Exercise instructions
Drop every picture and give the entries back exactly.

BEGIN Data for the task

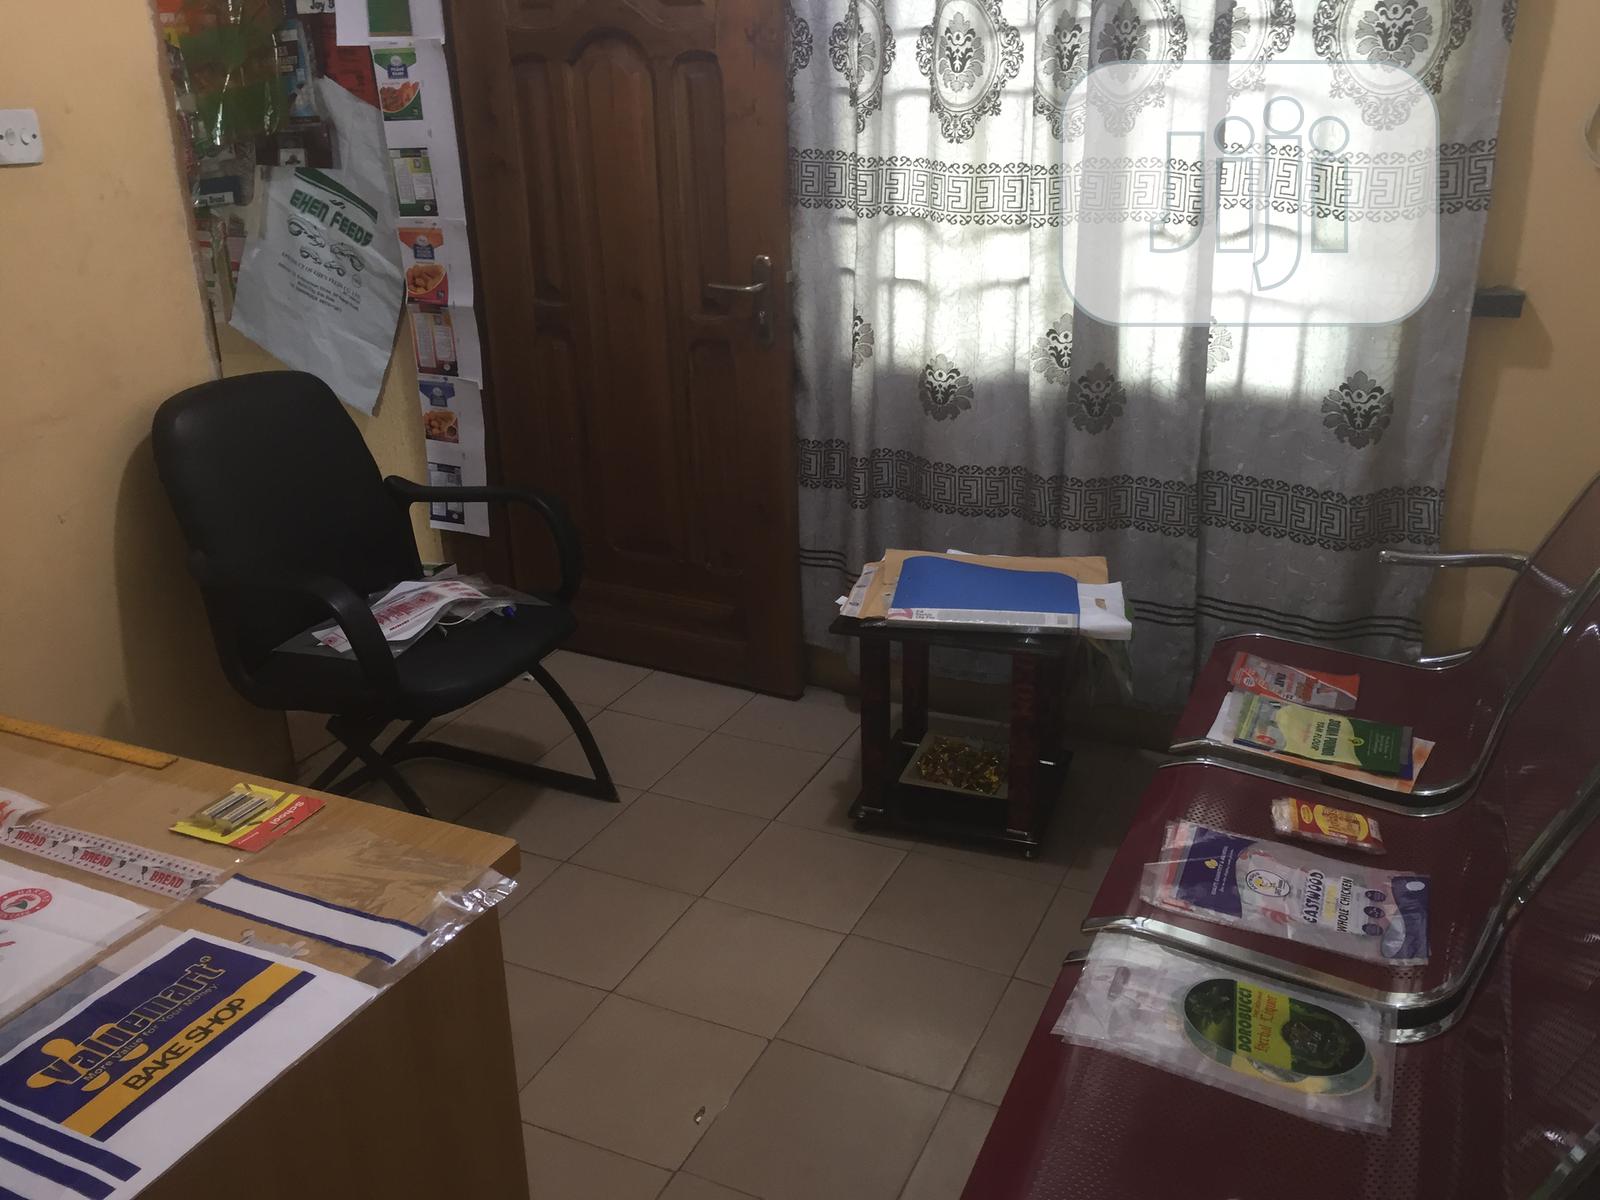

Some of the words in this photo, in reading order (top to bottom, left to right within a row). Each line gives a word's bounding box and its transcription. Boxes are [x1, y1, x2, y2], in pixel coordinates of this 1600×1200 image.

[330, 211, 373, 247] FEEDS
[15, 830, 46, 847] BREAD
[80, 850, 113, 868] BREAD
[150, 870, 184, 889] BREAD
[1339, 878, 1353, 906] CHICKEN
[1303, 871, 1324, 924] EASTWOOD
[1336, 908, 1349, 932] WHOLE
[83, 1058, 113, 1083] More
[115, 1036, 143, 1060] Value
[145, 1023, 160, 1036] for
[159, 1006, 186, 1024] Your
[186, 983, 219, 1007] Money
[1238, 987, 1252, 1054] DOROBUCCI
[122, 1042, 193, 1091] BAKE
[185, 998, 245, 1044] SHOP
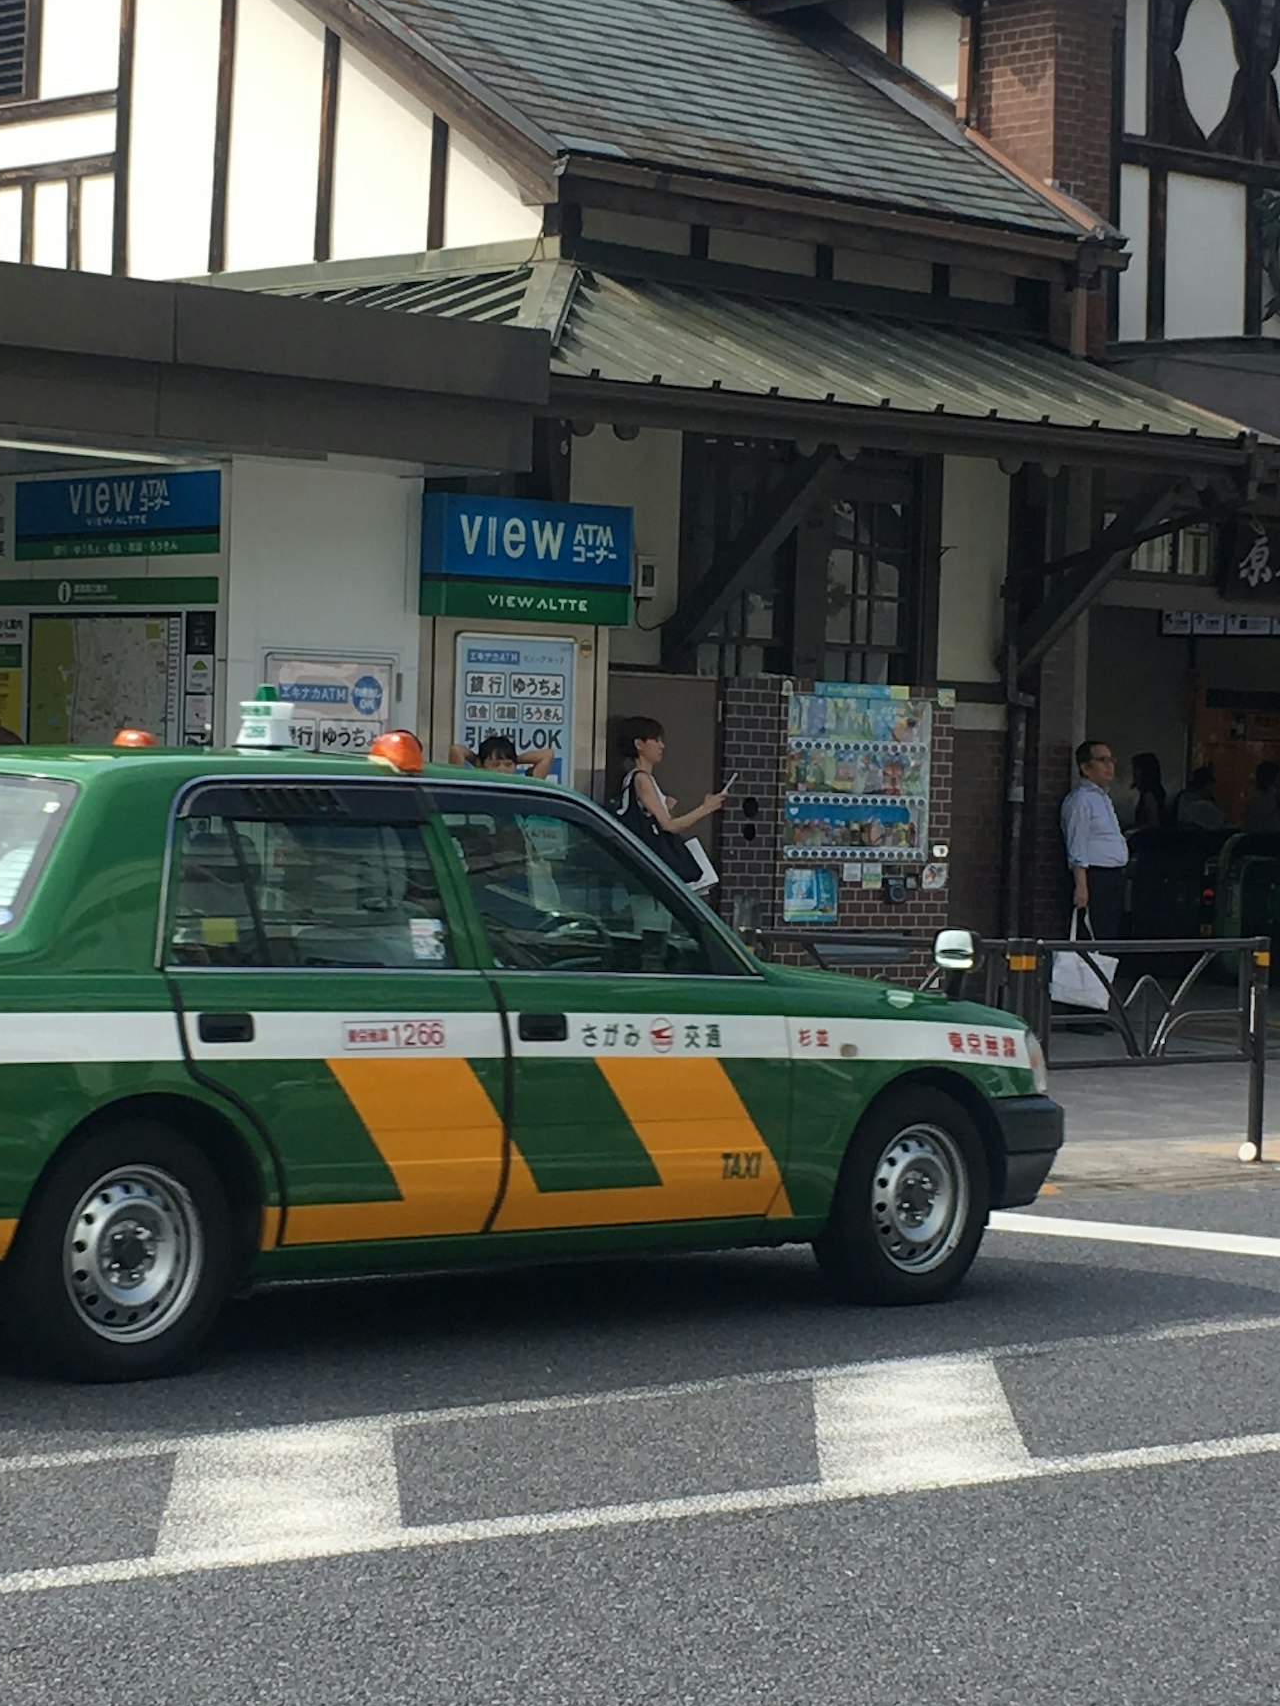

END Data for the task

Expected answer
Some of the words in this photo, in reading order (top to bottom, left to right within a row). Each line gives a word's bounding box and its transcription. Boxes are [x1, y1, x2, y2], in pixel coordinates of this 1600×1200 image.

[330, 211, 373, 247] FEEDS
[15, 830, 46, 847] BREAD
[80, 850, 113, 868] BREAD
[150, 870, 184, 889] BREAD
[1339, 878, 1353, 906] CHICKEN
[1303, 871, 1324, 924] EASTWOOD
[1336, 908, 1349, 932] WHOLE
[83, 1058, 113, 1083] More
[115, 1036, 143, 1060] Value
[145, 1023, 160, 1036] for
[159, 1006, 186, 1024] Your
[186, 983, 219, 1007] Money
[1238, 987, 1252, 1054] DOROBUCCI
[122, 1042, 193, 1091] BAKE
[185, 998, 245, 1044] SHOP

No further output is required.